In the reactor-securing structure according to the present invention, preferably, the first fastening portion which couples the first-side overlapping portion and the case and the second fastening portion which couples the second-side overlapping portion and the case are configured with a common fastening portion.

In this configuration, generation of an excessive tensile force in the reactor is effectively prevented in both temperature rise and temperature drop, and cost reduction is also achieved.

In the reactor-securing structure according to the present invention, preferably, the case is an inverter case configured to store and fix an inverter and the reactor therein.

According to the reactor-securing structure of the present invention, generation of excessive tensile force from the case to the reactor at the time of temperature increase is prevented even when there is a linear expansion difference between the case and a constituting component of the reactor.

FIG. 1 is a cross-sectional view of a reactor-securing structure according to a first embodiment of the present invention, in which (a) shows a state before the reactor is fixed to the case, and (b) shows a state after the reactor is fixed to the case.

FIG. 2 is a drawing wherein part of the reactor-securing structure in the first embodiment is viewed downward from above.
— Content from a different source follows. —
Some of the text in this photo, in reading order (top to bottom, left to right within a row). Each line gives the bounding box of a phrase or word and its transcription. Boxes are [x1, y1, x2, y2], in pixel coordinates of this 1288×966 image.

FIG. 3 is a cross-sectional view of a reactor-securing structure of the related art, in which (a) shows a state before a reactor is fixed to a case, (b) shows a state after the reactor is fixed to the case, and (c) shows a state in which stress is applied to respective parts at the time of temperature increase.
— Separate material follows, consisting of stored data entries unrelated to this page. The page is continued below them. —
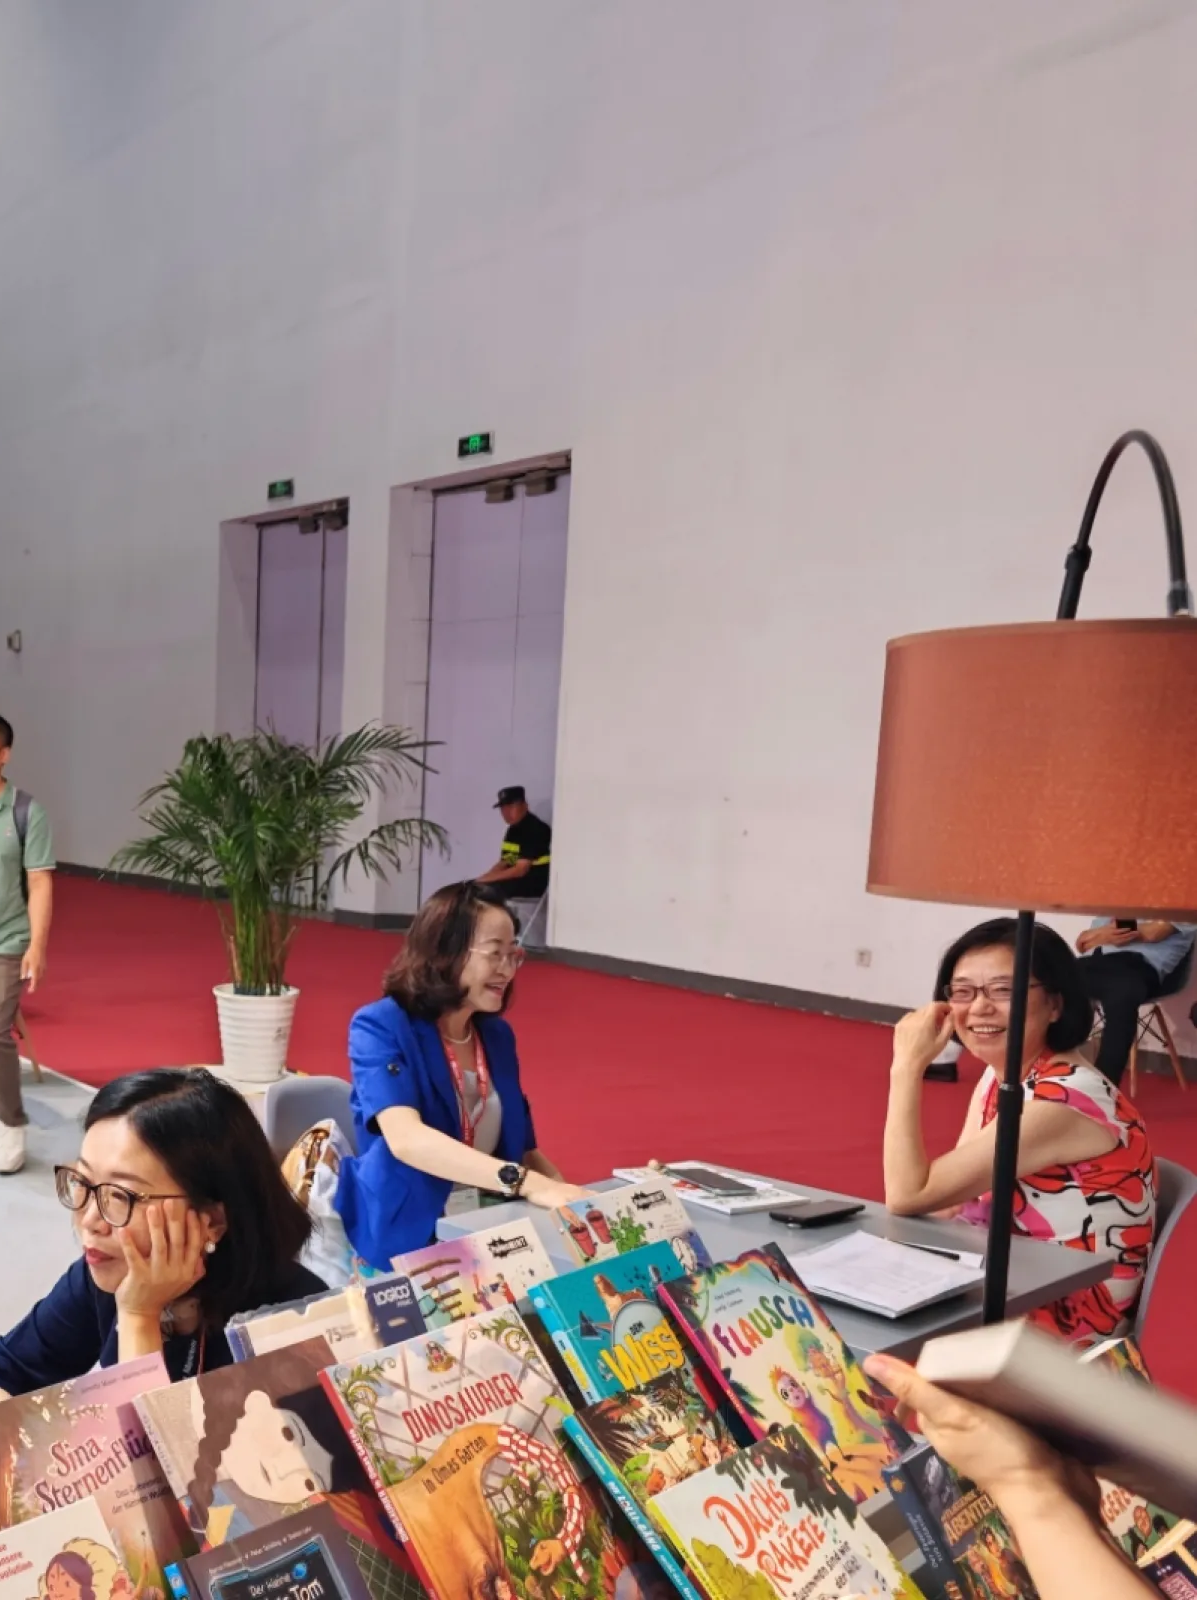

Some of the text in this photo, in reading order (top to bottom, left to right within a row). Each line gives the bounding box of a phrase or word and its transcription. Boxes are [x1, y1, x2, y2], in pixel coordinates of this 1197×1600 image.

[373, 1284, 410, 1306] LOGICO
[713, 1294, 815, 1358] FLAUSCH
[402, 1373, 524, 1443] DINOSAURIER
[50, 1437, 103, 1477] Sina
[456, 1436, 489, 1465] Garten
[703, 1478, 791, 1559] DACHS
[757, 1514, 826, 1598] RAKETE
[290, 1577, 324, 1600] Tom
FIG. 4 is a schematic drawing of a reactor-securing structure of the related art, showing a state in which a stress is applied to a reactor and a case at the time of temperature increase.

FIG. 5 is a schematic drawing showing a state in which a stress is applied to the reactor and the case at the time of temperature increase in the reactor-securing structure according to the first embodiment.
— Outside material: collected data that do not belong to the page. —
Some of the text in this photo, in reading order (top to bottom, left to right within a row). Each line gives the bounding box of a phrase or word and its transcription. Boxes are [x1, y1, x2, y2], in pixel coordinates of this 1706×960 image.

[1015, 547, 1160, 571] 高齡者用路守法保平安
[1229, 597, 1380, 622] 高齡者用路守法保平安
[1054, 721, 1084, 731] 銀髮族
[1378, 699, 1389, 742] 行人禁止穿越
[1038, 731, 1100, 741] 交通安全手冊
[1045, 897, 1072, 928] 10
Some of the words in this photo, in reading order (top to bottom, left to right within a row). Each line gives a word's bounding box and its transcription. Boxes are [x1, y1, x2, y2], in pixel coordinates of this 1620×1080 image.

FIG. 6 is a cross-sectional view corresponding to FIG. 1(b), showing a state in which a stress is applied to respective parts at the time of temperature increase in the reactor-securing structure according to the first embodiment.

FIG. 7 is a schematic drawing showing two examples in which the positions of attachment of a first-side stay and a second-side stay with respect to the case are different in the reactor-securing structure according to the first embodiment.

FIG. 8 is a cross-sectional view showing a reactor-securing structure according to a second embodiment of the present invention.

FIG. 9 is a drawing wherein part of a reactor-securing structure of a third embodiment of the present invention is viewed downward from above.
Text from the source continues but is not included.